- Problem details -
Type the records that follow again exactly as written, but drop the pictures.

- Dataset records -
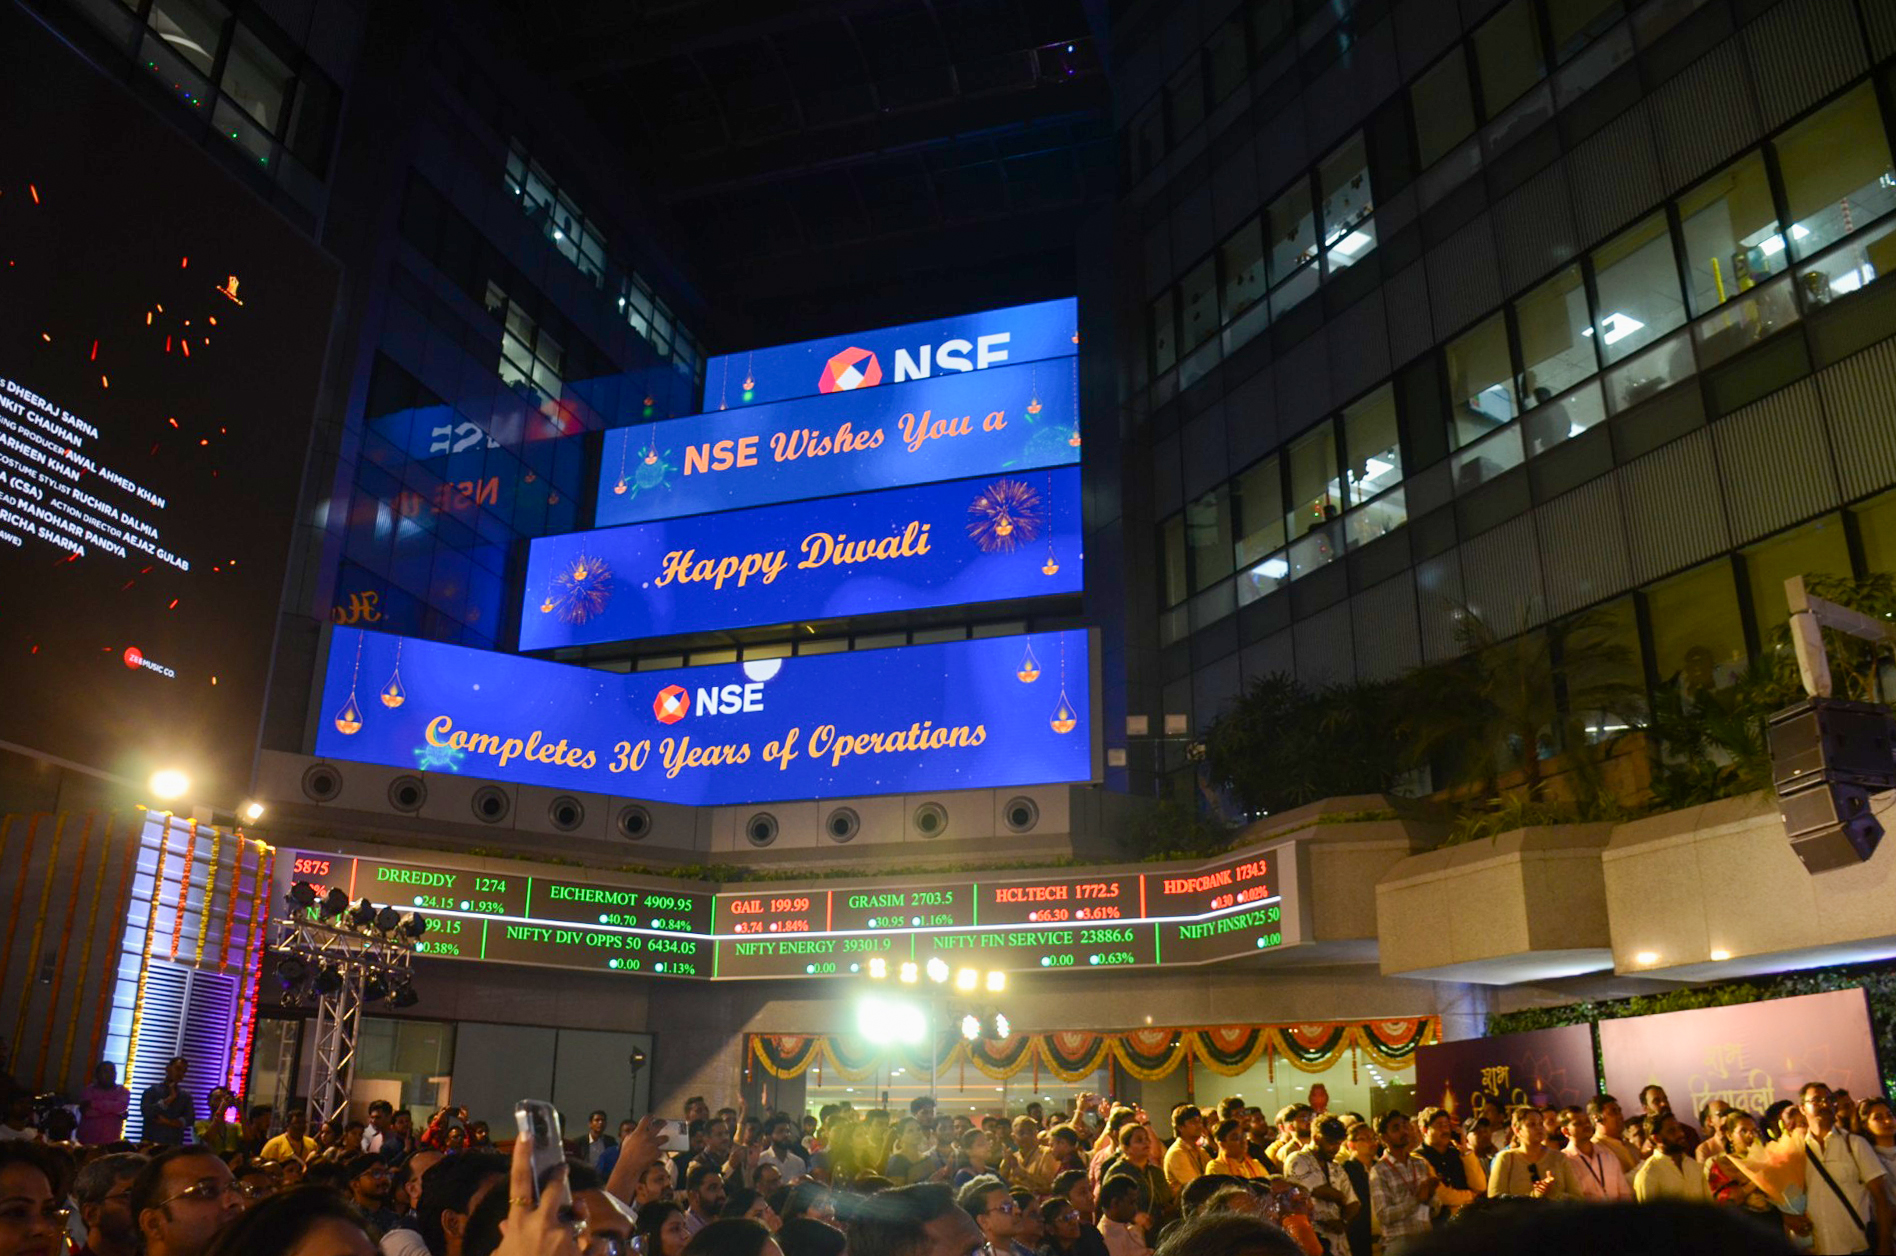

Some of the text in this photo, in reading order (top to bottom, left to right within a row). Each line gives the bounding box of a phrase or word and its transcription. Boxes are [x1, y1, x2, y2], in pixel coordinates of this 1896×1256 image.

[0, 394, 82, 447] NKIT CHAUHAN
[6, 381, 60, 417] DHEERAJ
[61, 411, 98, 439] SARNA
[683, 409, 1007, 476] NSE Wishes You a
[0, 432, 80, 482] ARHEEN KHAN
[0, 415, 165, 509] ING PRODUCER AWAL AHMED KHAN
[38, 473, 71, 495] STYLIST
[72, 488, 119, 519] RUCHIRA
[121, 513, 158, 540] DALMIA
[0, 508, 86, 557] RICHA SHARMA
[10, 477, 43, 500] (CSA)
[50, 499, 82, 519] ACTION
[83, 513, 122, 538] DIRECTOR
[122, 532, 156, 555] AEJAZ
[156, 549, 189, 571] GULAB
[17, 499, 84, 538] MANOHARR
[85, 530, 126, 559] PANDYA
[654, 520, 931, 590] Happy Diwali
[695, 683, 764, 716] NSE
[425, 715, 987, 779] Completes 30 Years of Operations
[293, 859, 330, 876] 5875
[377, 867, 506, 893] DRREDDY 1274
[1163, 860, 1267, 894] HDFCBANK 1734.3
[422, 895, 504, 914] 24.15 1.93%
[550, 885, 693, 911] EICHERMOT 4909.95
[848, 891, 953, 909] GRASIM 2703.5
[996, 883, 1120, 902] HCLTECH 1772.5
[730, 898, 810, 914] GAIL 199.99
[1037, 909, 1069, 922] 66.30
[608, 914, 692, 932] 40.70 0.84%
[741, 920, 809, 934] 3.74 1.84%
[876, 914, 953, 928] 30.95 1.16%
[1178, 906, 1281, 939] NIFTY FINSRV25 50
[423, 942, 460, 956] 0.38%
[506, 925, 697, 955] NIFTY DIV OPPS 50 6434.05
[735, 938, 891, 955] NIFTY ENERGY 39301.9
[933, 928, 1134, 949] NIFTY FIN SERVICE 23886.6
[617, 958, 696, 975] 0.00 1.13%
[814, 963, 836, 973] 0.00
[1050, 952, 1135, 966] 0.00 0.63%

- Written reply -
Some of the text in this photo, in reading order (top to bottom, left to right within a row). Each line gives the bounding box of a phrase or word and its transcription. Boxes are [x1, y1, x2, y2], in pixel coordinates of this 1896×1256 image.

[0, 394, 82, 447] NKIT CHAUHAN
[6, 381, 60, 417] DHEERAJ
[61, 411, 98, 439] SARNA
[683, 409, 1007, 476] NSE Wishes You a
[0, 432, 80, 482] ARHEEN KHAN
[0, 415, 165, 509] ING PRODUCER AWAL AHMED KHAN
[38, 473, 71, 495] STYLIST
[72, 488, 119, 519] RUCHIRA
[121, 513, 158, 540] DALMIA
[0, 508, 86, 557] RICHA SHARMA
[10, 477, 43, 500] (CSA)
[50, 499, 82, 519] ACTION
[83, 513, 122, 538] DIRECTOR
[122, 532, 156, 555] AEJAZ
[156, 549, 189, 571] GULAB
[17, 499, 84, 538] MANOHARR
[85, 530, 126, 559] PANDYA
[654, 520, 931, 590] Happy Diwali
[695, 683, 764, 716] NSE
[425, 715, 987, 779] Completes 30 Years of Operations
[293, 859, 330, 876] 5875
[377, 867, 506, 893] DRREDDY 1274
[1163, 860, 1267, 894] HDFCBANK 1734.3
[422, 895, 504, 914] 24.15 1.93%
[550, 885, 693, 911] EICHERMOT 4909.95
[848, 891, 953, 909] GRASIM 2703.5
[996, 883, 1120, 902] HCLTECH 1772.5
[730, 898, 810, 914] GAIL 199.99
[1037, 909, 1069, 922] 66.30
[608, 914, 692, 932] 40.70 0.84%
[741, 920, 809, 934] 3.74 1.84%
[876, 914, 953, 928] 30.95 1.16%
[1178, 906, 1281, 939] NIFTY FINSRV25 50
[423, 942, 460, 956] 0.38%
[506, 925, 697, 955] NIFTY DIV OPPS 50 6434.05
[735, 938, 891, 955] NIFTY ENERGY 39301.9
[933, 928, 1134, 949] NIFTY FIN SERVICE 23886.6
[617, 958, 696, 975] 0.00 1.13%
[814, 963, 836, 973] 0.00
[1050, 952, 1135, 966] 0.00 0.63%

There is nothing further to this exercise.